* HOW TO COMPLETE THIS TASK *
What you return should be the entries, unchanged, without their pictures.
-=-=-
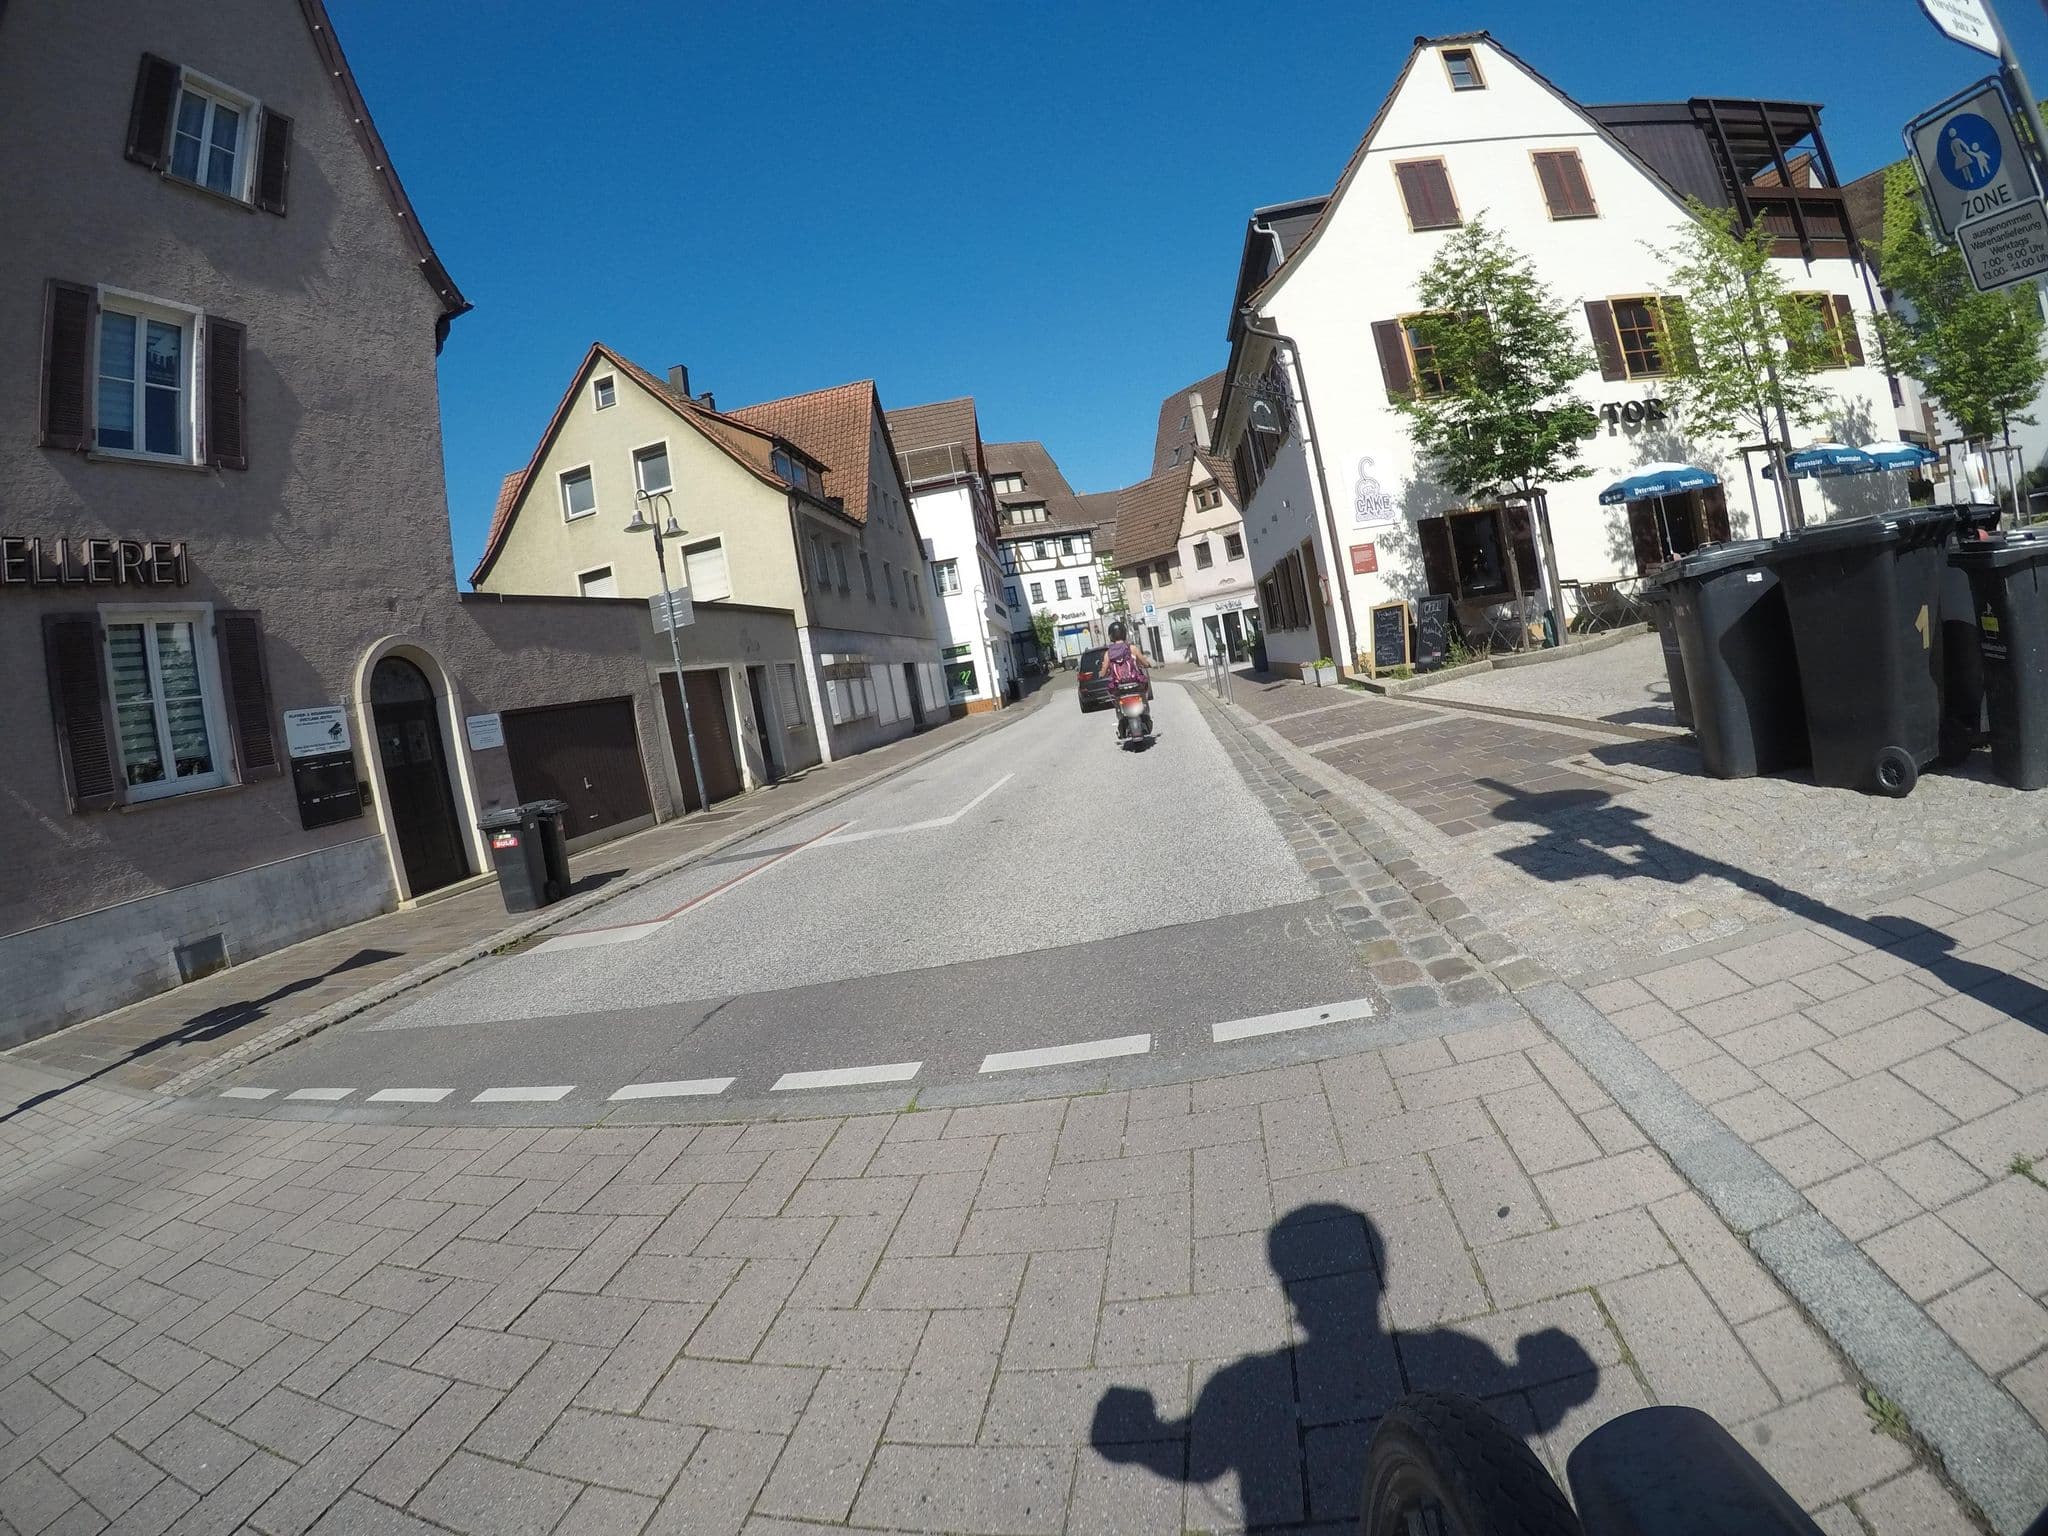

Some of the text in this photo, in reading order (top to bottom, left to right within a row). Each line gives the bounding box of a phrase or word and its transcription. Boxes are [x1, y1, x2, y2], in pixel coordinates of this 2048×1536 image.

[1961, 183, 2012, 219] ZONE
[1970, 221, 2042, 251] Warenanlieferung
[1972, 212, 2033, 240] ausgenommen
[1990, 237, 2030, 256] Werktags
[1356, 495, 1391, 513] CAKE
[1, 536, 190, 585] ELLEREI
[1061, 610, 1087, 620] Postbank
[1914, 604, 1930, 650] 1
-=-=-
* REPLY TO THE TASK *
Some of the text in this photo, in reading order (top to bottom, left to right within a row). Each line gives the bounding box of a phrase or word and its transcription. Boxes are [x1, y1, x2, y2], in pixel coordinates of this 2048×1536 image.

[1961, 183, 2012, 219] ZONE
[1970, 221, 2042, 251] Warenanlieferung
[1972, 212, 2033, 240] ausgenommen
[1990, 237, 2030, 256] Werktags
[1356, 495, 1391, 513] CAKE
[1, 536, 190, 585] ELLEREI
[1061, 610, 1087, 620] Postbank
[1914, 604, 1930, 650] 1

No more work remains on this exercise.